6 Vie To Plan Rail Complex
by Paul Bass | October 11, 2007 1:49 PM | Permalink
Six firms from around the country want to help William Kilpatrick (pictured) plan a complex of new stores, offices and apartments around a second parking garage at the train station.
Kilpatrick heads New Haven’s parking authority. Along with City Hall and the state Department of Transportation, the authority is hatching plans for the long-long (long-) delayed, and much-needed, new 1,100-space garage at Union Station. As part of those plans, the authority advertised for consultants to submit proposals to help draw up a “transit-oriented development” (TOD) plan, a hot concept in new-urbanist planning these days. The idea is to use a train station as a convenient spawning place for concentrated new commerce and residential living.
Kilpatrick met with the DOT Tuesday to show officials the six proposal that came in. Now a committee from the authority, DOT and City Hall will review the proposals to pick a winner.
The process can’t happen fast enough for weary commuters. Union Station’s existing garage’s 1,170 spaces fill up by 8 a.m. most days. Hundreds more commuters must then park downtown at the Temple Street garage and wait for a shuttle to take them to a train station. The situation has been a major disincentive to people commuting by train — even though both the city and the state have been trying to convince people to ride trains instead of driving on highways.
Disputes between the city and the state, as well as a train station-like series of departures of state transportation chiefs, have held up plans to build the second garage. For an entire decade. (The state owns the surface lot where the garage would be built; the city leases the land.) Click here to read about those delays.
Kilpatrick Wednesday portrayed the DOT’s receptivity to the TOD plan as a sign of progress.

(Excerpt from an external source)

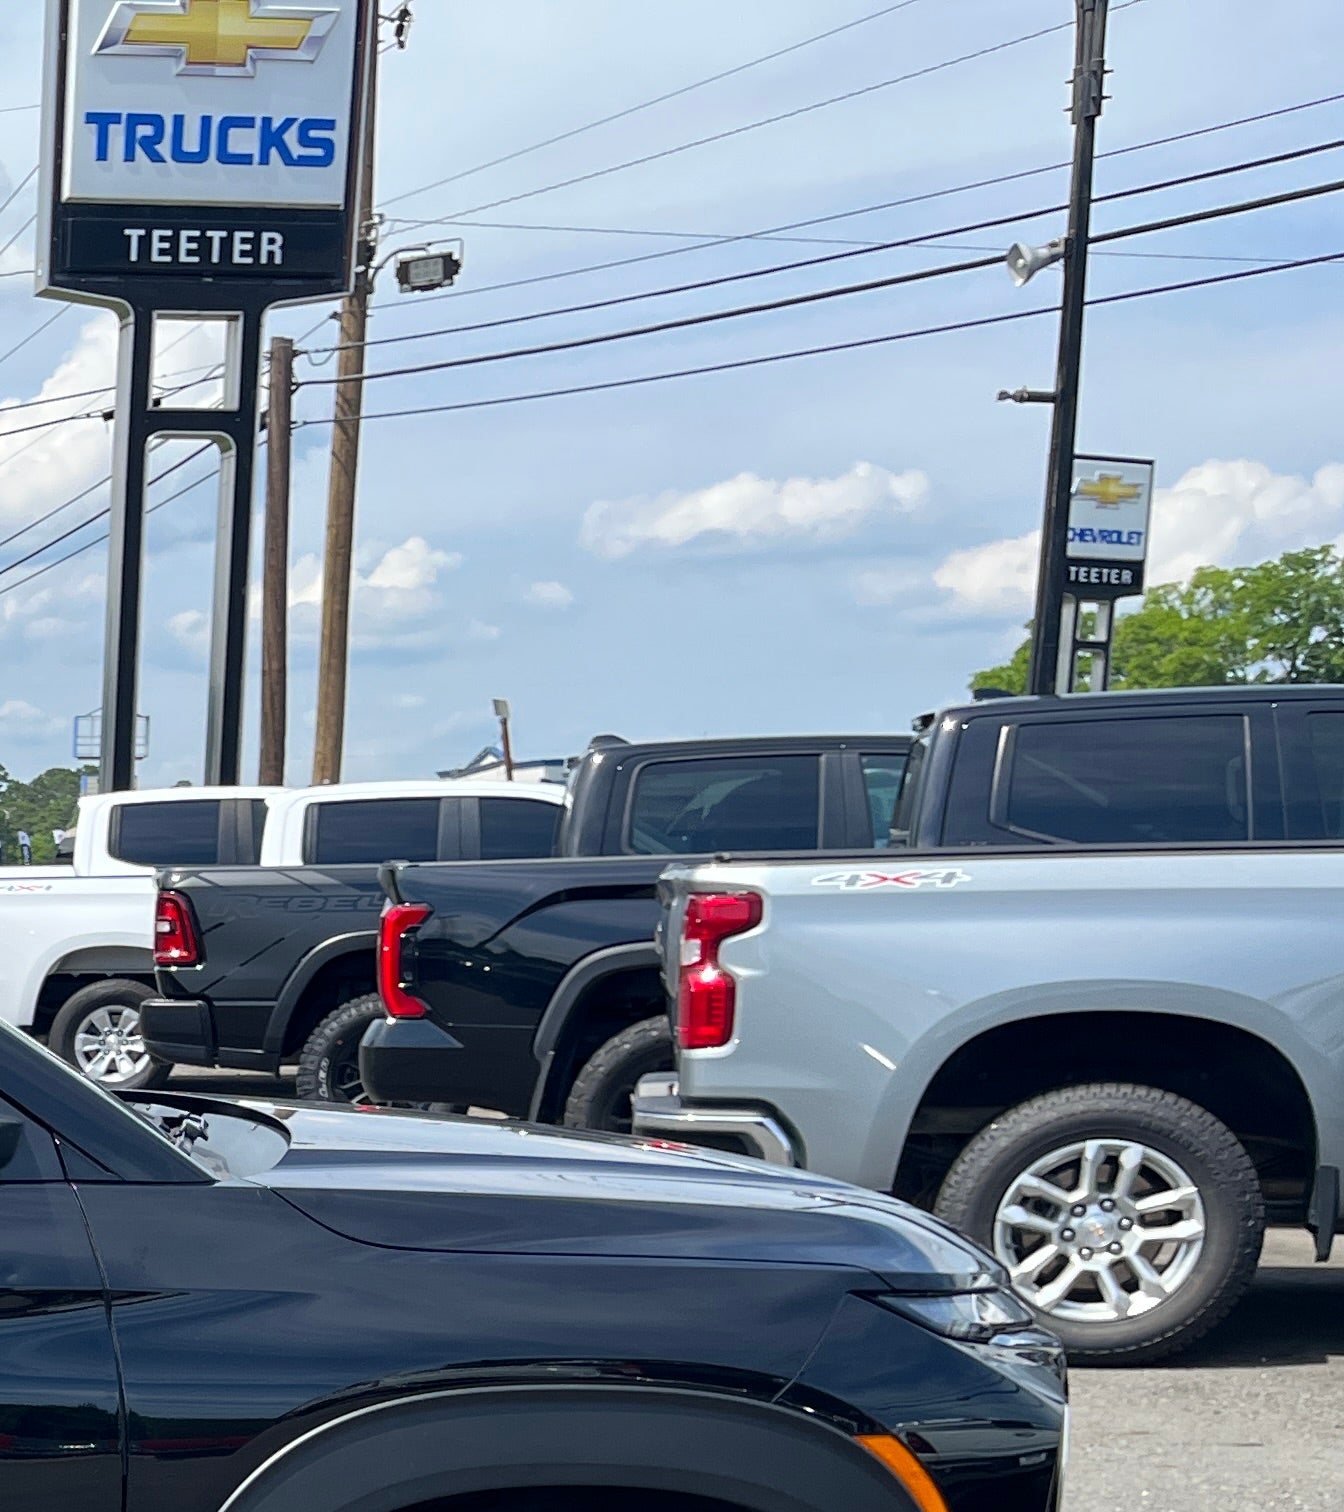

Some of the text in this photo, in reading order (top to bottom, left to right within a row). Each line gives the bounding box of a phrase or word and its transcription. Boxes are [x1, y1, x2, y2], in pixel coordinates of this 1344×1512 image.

“If we can get a TOD and the garage, it’s a home run for everybody,” he said.
Kilpatrick asked bidders to submit proposals to do site and market feasibility studies and to draw up two versions of development plans: one just covering the land that’s currently a surface parking lot adjacent to the current garage; and a second plan encompassing the police station across the street. (Under that scenario, the station would be demolished, and a new cop headquarters would be incorporated into the development.)
“From the City’s perspective, the expansion of the medical district and downtown toward Union Station creates a synergy of economic and transportation activity,” the request reads. “The initial concept plan envisions over $500 million in private investment resulting in 1.1 million s.f. of new development and 620 new residential units.” The scenario including the police station would add 1.35 acres.
The responses that came in to Kilpatrick vary widely both in terms of the time frame as well as costs. Here’s a snapshot of the six responses that came in, based on the prospectuses:
Wallace, Roberts & Todd (WRT) Design of Philadelphia proposes to charge $214,375 to spend five months putting together a plan. Its hourly fees will range from $70 for $210 for employees slated to work on the plan. The firm helped design hubs and station areas for New Jersey Transit’s Hudson-Bergen Light Rail Line, among other projects. Its partners in the proposal include Nelson/Nygaard, a consulting firm hired by new Haven’s Connecticut Center for a New Economy to “provide planning and expert testimony to the community in its struggle against Yale-New Haven Hospital’s proposed construction of a five-level garage in conjunction with a new Cancer Center.”
The New York office of Chicago-based Jones Lang LaSalle proposes to take 14 weeks and charge $180,000, with hourly fees ranging from $200 to $525. Its team included new Haven-based architects Herbert S. Newman & Partners, whose many local credits include the renovation of Union Station itself, plus planning for the new Downtown Gateway project.
Urbitran Architectural/ Engineering Group, which has an office right at Union Station, proposes to spend 16 months on the plan, and charge $175,400, with hourly fees ranging from $29 to $250. The firm has a “long-running on-call contract with Metro North Railroad where we provide comprehensive planning and design services for all of their station projects and new Transit Oriented Development initiatives.” It has done that at the line’s Harrison and Beacon, N.Y. stations.
BAE (Bay Area Economics), which has worked largely with commuter rail systems in California, proposes spending six months putting together a $169,000 plan. Hourly fees range from $90 to $225. One of its subcontractors would be Wilbur Smith Associates, whose New Haven office has worked on downtown development projects as well as school rebuilding.
BL Companies, a Meriden architectural firm, proposes spending six months on a $138,000 plan, with $45-$225 hourly rates. It has worked on New Haven’s Broadway, College Street and Ninth Square renovation projects.
Phillips Preiss Shapiro Associates, a national real estate and planning consulting firm, submitted a $90,775 proposal. It would take six months and include hourly fees from $70 to $225.